Agnes quirked a brow. "Information?"
"Gotta get something in return for our product," Nickels snickered, leaning back against the fence. A girl with twisty black hair whispered something in his ear; the next second, he handed over another baggie of the Good Stuff. "Secrets do just fine."
"What secret?" The shadow girl slipped her way in between Yvonne and Agnes, disappointing the both of them. "Tell me, tell me! Why is it only when I'm gone you talk about fun stuff?"
She herself had been having oodles of fun galavanting around the blacktop, doing whatever she pleased. Once recognizing the chaos as the chance to play tricks, she'd snuck behind pinched-nosed girls and pulled on their pigtails until they screamed, then dashed away cackling like a hyena.
Which is how she found her eventual way back to her companions, neither of whom had pigtails—unfortunately.
Agnes, still focused on Nickels, ignored Margot's whines. "So if you're the supplier who sells the Good Stuff for secrets, who gives the Good Stuff to you?"
"You're gettin' a lot for free here, kid," Nickels said, his eyes flashing wildly. "That answer ain't one of them."
"Kids are going missing," Yvonne blurted out, drawing all eyes to her—including Agnes' death glare.

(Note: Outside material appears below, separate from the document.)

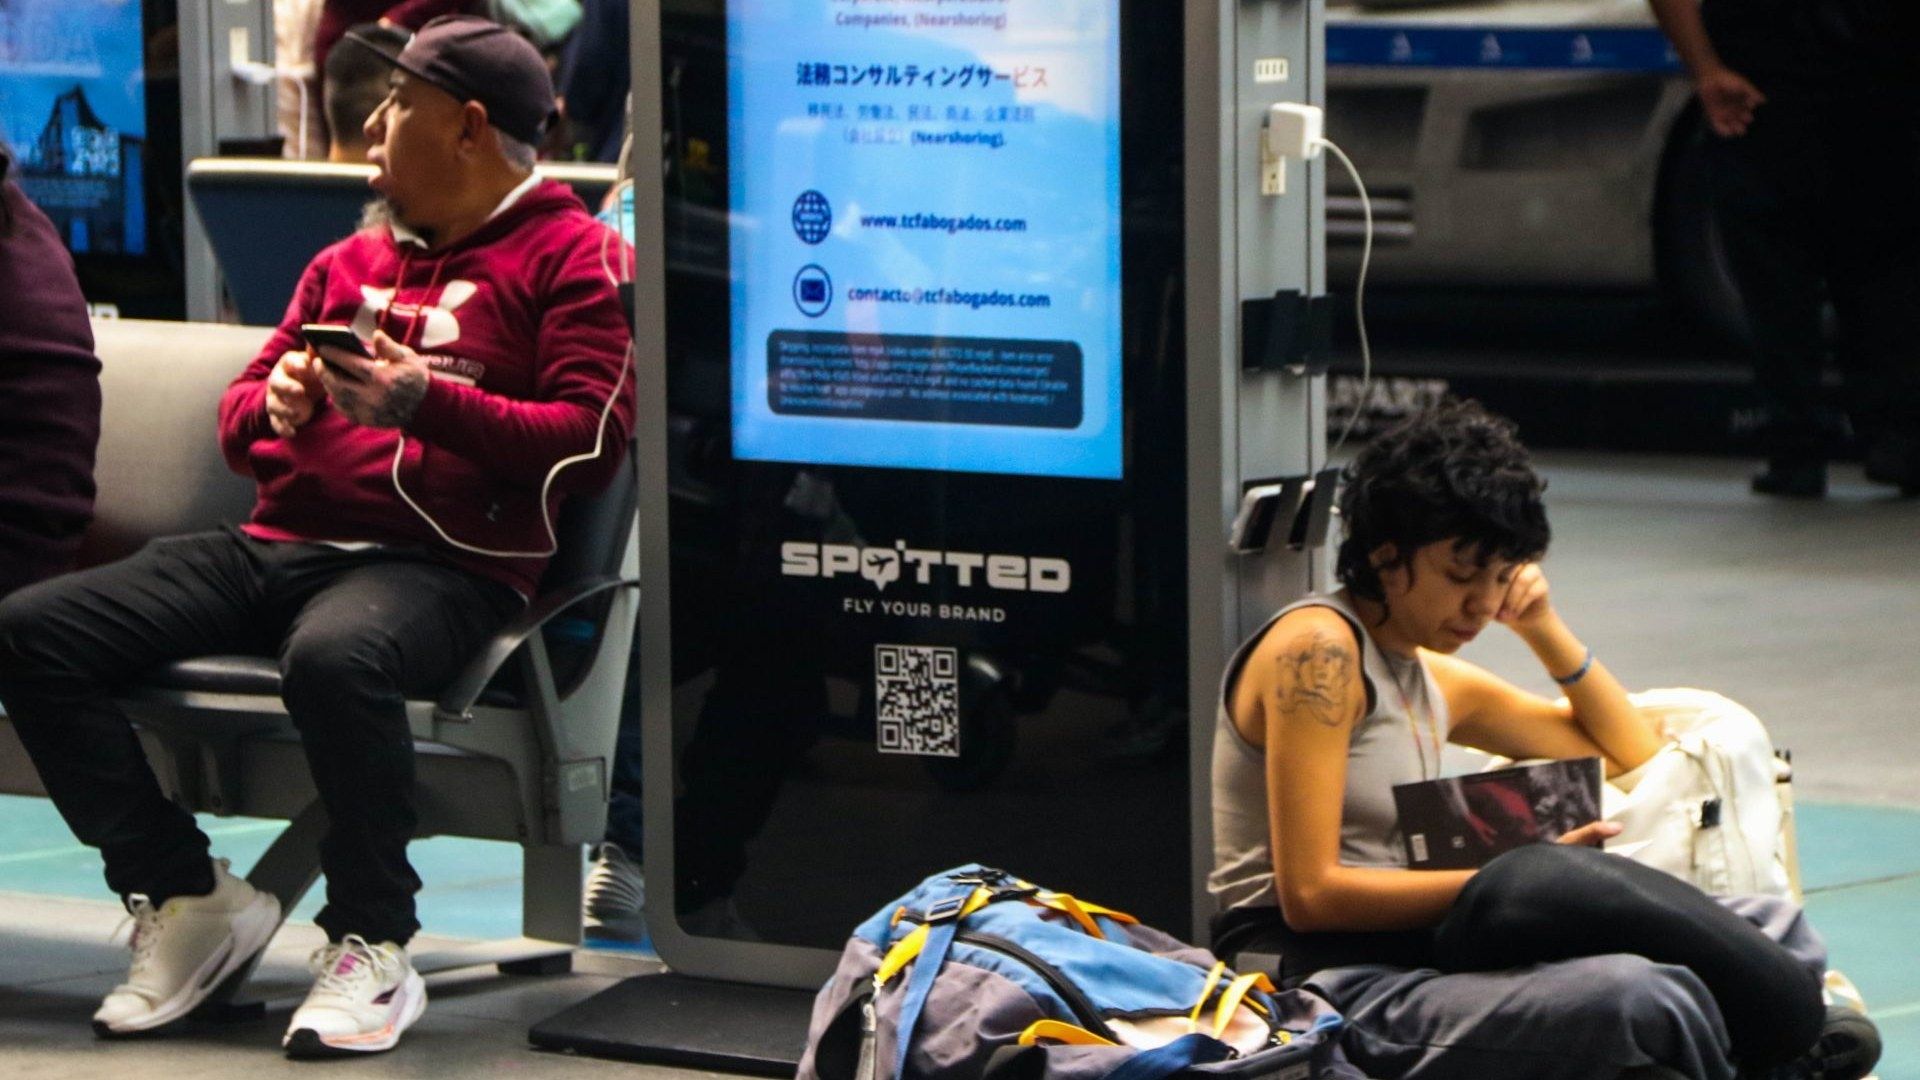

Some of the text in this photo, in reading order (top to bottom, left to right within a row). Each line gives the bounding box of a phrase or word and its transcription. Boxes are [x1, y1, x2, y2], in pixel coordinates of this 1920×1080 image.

[860, 213, 1027, 234] www.tcfabogados.com
[847, 286, 1051, 310] contacto@tcfabogados.com
[843, 598, 1007, 623] FLY YOUR BRAND

She seethed where she stood. "You have no right—"
"Well hang on there," Nickels cut in, peering at Yvonne like a sitting duck, ready for plucking. "Now that's a pretty payment right there. Whatchu' mean kids are missing?"
"Only pig boys who snort around in the trash all day," Margot added. Agnes elbowed her in the gut—hard.

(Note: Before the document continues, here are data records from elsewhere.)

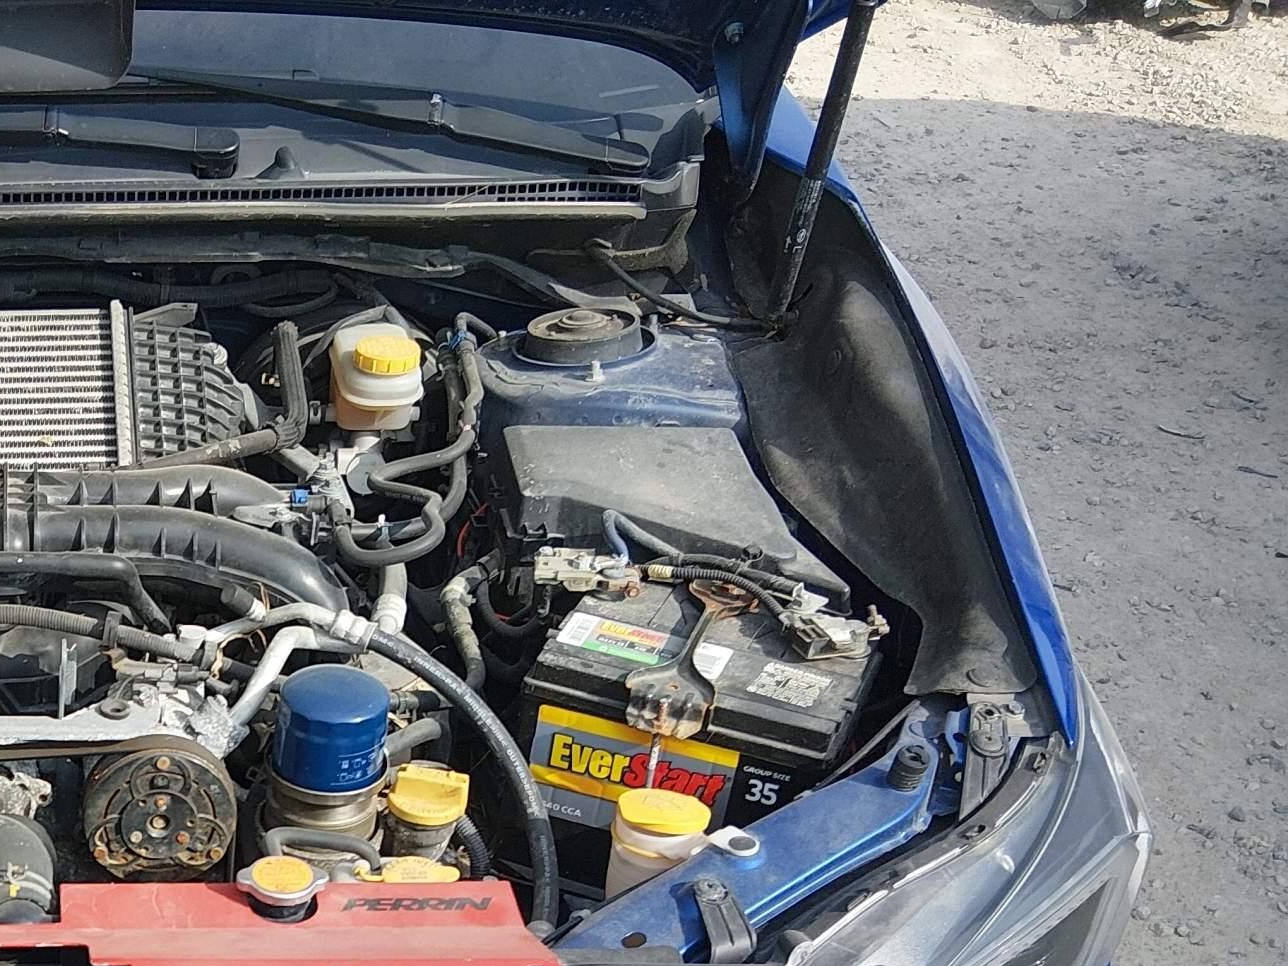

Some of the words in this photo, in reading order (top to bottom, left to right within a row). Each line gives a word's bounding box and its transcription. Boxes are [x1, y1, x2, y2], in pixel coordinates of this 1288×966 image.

[548, 733, 727, 807] EverStart
[743, 765, 772, 776] GROUP
[772, 771, 791, 782] SIZE
[744, 778, 780, 806] 35
[561, 805, 582, 817] CCA
[341, 896, 492, 912] PERRIN

"We don't know why," Yvonne explained further, ignoring the heat of Agnes' eyes on her. "But there's been a boy missing and he's nowhere in Eldritch."

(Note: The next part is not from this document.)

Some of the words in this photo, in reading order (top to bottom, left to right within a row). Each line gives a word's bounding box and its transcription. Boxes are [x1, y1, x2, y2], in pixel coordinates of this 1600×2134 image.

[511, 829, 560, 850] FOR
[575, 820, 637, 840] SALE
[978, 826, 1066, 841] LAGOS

Recognition flickered in Nickels' expression. "Now that you mention it, I saw a paper on a post that said the same thing. Thought someone's parents was at it again."
"It's true. He's really missing." Despite herself, Agnes felt a bit of relief sink in; she'd feared no one had noticed her flyers at all. Still, she made sure to step on Yvonne's foot as she shifted closer to Nickels. "So, you've got your payment. How about that answer?"
Suddenly, an ear-splitting siren nearly sent them all to their knees. The final hour had come to an end, and the bell rang out the command loud and clear: get out!
It finally stopped once children began migrating towards the exits, most scurrying off in groups to avoid any solo run-ins with any adults. Our group, however, didn't budge; none of them were going anywhere until they got their answer.
"You're in luck, freckle face," Nickels sniggered, spitting at Agnes's feet one last time. "You might get a two for one special out of me, if that missing boy ends up being at the trailer too."
As the boy with the scar began to jog off, Agnes shouted after him, "What trailer?"
"The one where I get the Good Stuff. Where all the Good Stuff comes from," Nickels called back over his shoulder. "The trailer at the edge of Eldritch!"